On the theory that two can live as cheaply as one, the two bodies merged their headcount, meetings, and management structure. Creating and promulgating standards is tough work that involves a lot of rented meeting rooms, a lot of travel, and a lot of coffee. There’s usually no way to monetize that work, so nearly all the effort is volunteered by engineers and managers with busy day jobs. It made sense to combine the talent pools while cutting the overhead in half.

Marriages like this can trigger other life changes, too, and the newly formed OMA SpecWorks took the opportunity to reflect upon how its offspring enter the world. Before, standards were hashed out among participating engineers meeting in far-flung places and, when the spec was finally complete, published to the world at large. The new standard would then succeed or fail based on… what? Were unpopular standards unsuccessful because they were technically deficient? Were they incomplete? Overly complicated? Or was there some other force at work?

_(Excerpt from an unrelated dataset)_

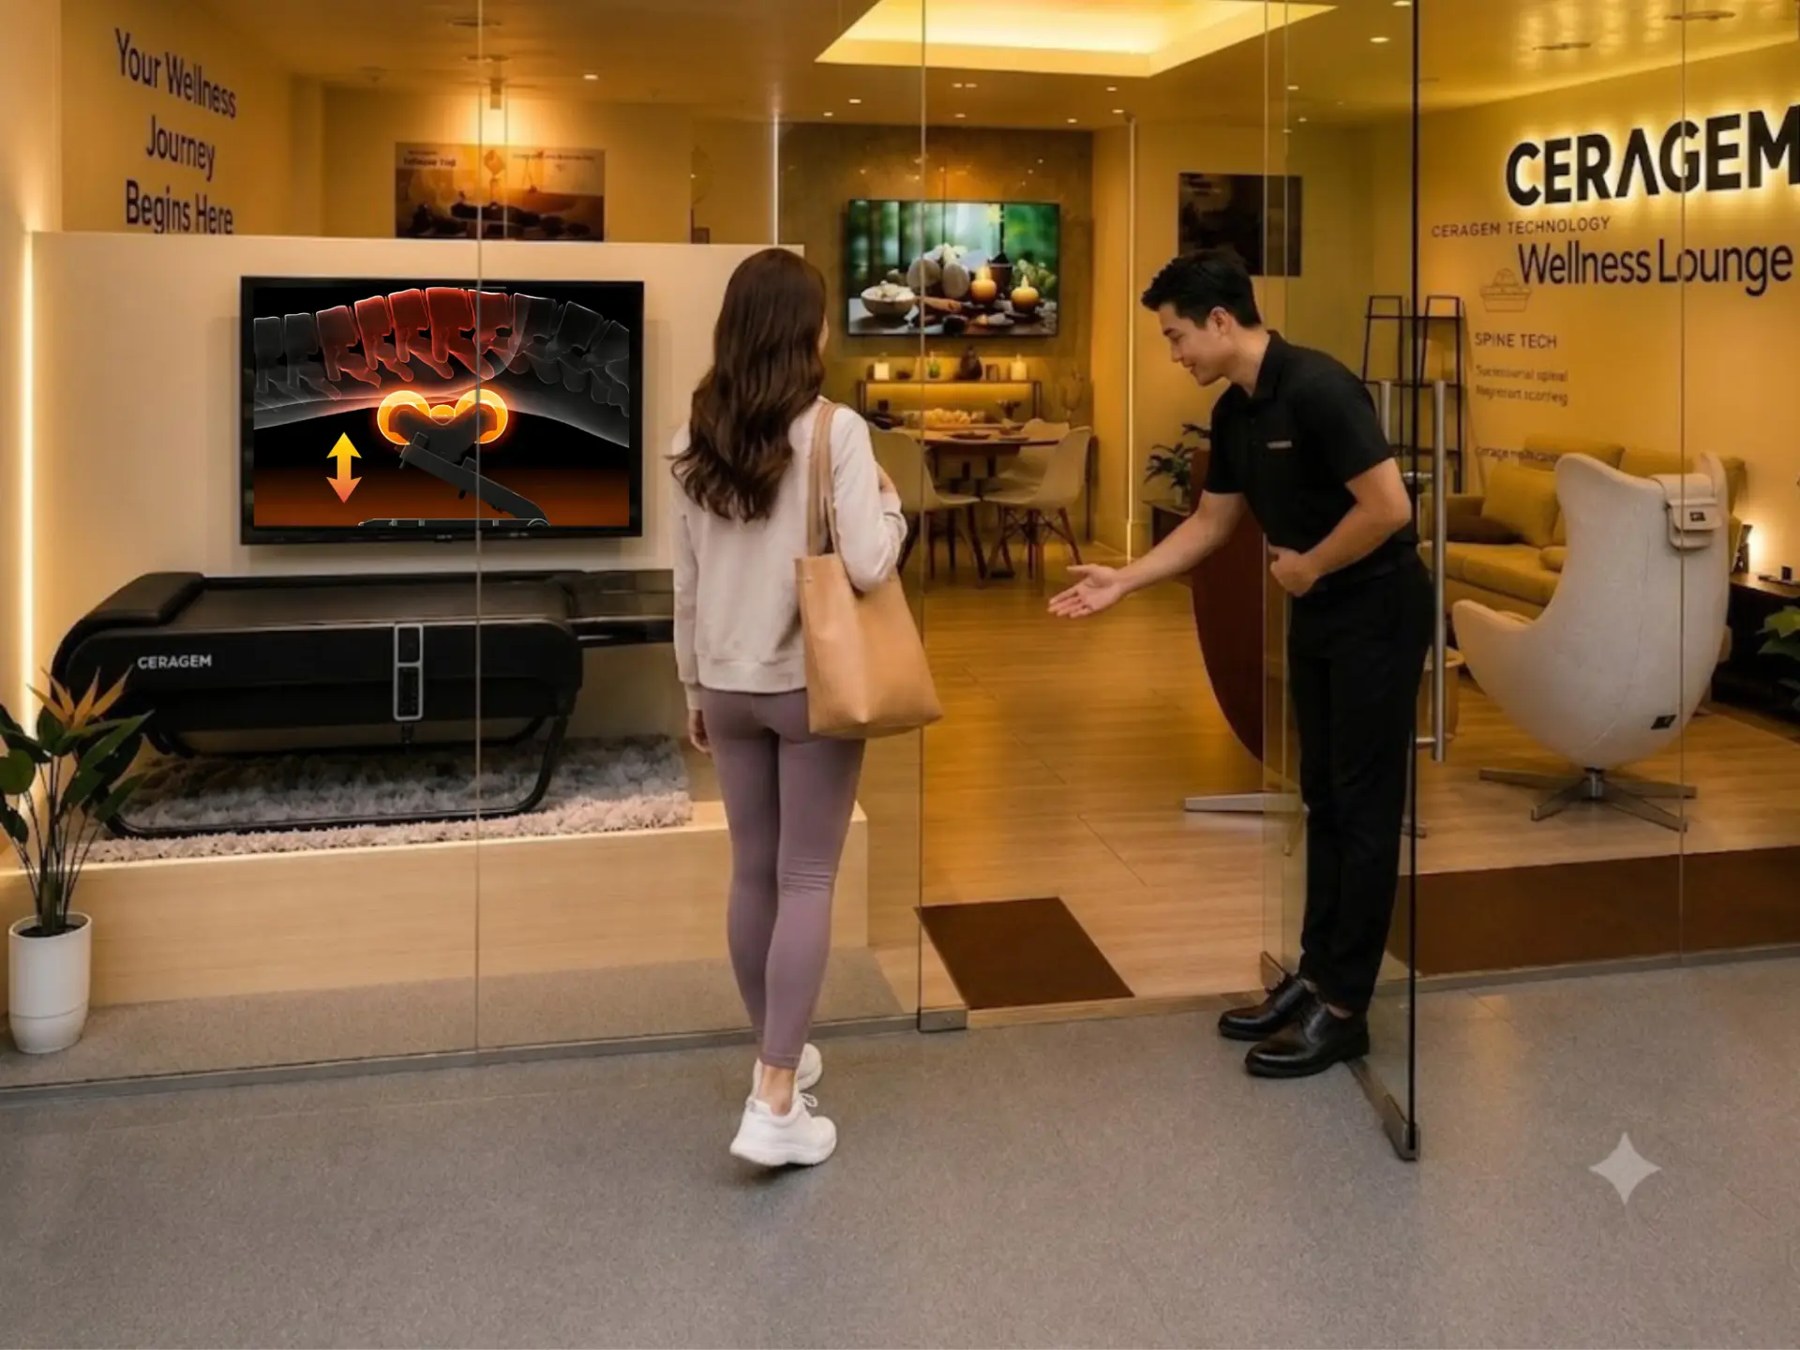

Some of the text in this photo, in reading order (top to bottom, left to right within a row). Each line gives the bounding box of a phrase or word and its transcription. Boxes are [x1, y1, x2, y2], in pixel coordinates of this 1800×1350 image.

User feedback suggested that OMA and IPSO weren’t promoting their efforts in quite the right way. The problem wasn’t with the technical merits of the standards themselves, but in how they were presented. Posting a 400-page PDF to your website and saying, “There it is; knock yourself out” is not an attitude that encourages adoption. In short, OMA and IPSO weren’t “selling” their work effectively.

The new OMA SpecWorks promises to do better on the evangelism and marketing fronts. It uses GitHub extensively, and it monitors developer feedback. “We think we’re incrementally pushing forward the idea of making specs more approachable,” says general manager Seth Newberry. Standards won’t necessarily be any simpler technically, but they will be packaged up and promoted more effectively. Simply posting a PDF and hoping for the best won’t cut it anymore.

In fact, OMA SpecWorks is so enthusiastic about its new approach that it wants to become the “idea factory” for other industry verticals. Bring us your ideas, the group is saying, and we’ll help you turn them into efficient, useful, and popular standards. OMA SpecWorks is a process as much as a product: a template for other standards-setting bodies, not just a single example of the genre.

OMA SpecWorks’ standards are freely available – just download them from the website – but they’re not always free to implement. Like most standards bodies, OMA SpecWorks (and its antecedents) requires members to declare any proprietary IP they may be contributing to the new spec. The group may or may not incorporate that IP into the standard, but if it is included, it must be made available under a “fair, reasonable, and nondiscriminatory” (FRAND) license. Thus, some OMA SpecWorks standards might require a licensing fee from one of its participating members, in which case, the terms are between you and the licensor. It just depends.

Partnership and collaboration are wonderful things to see.

Good programming is all about reuse. Likewise, usable standards, which keep us from reinventing solutions to already-solved problems. If OMA SpecWorks can keep us from refighting old battles and let us move quickly to higher-value programming, then its union will be a fruitful one.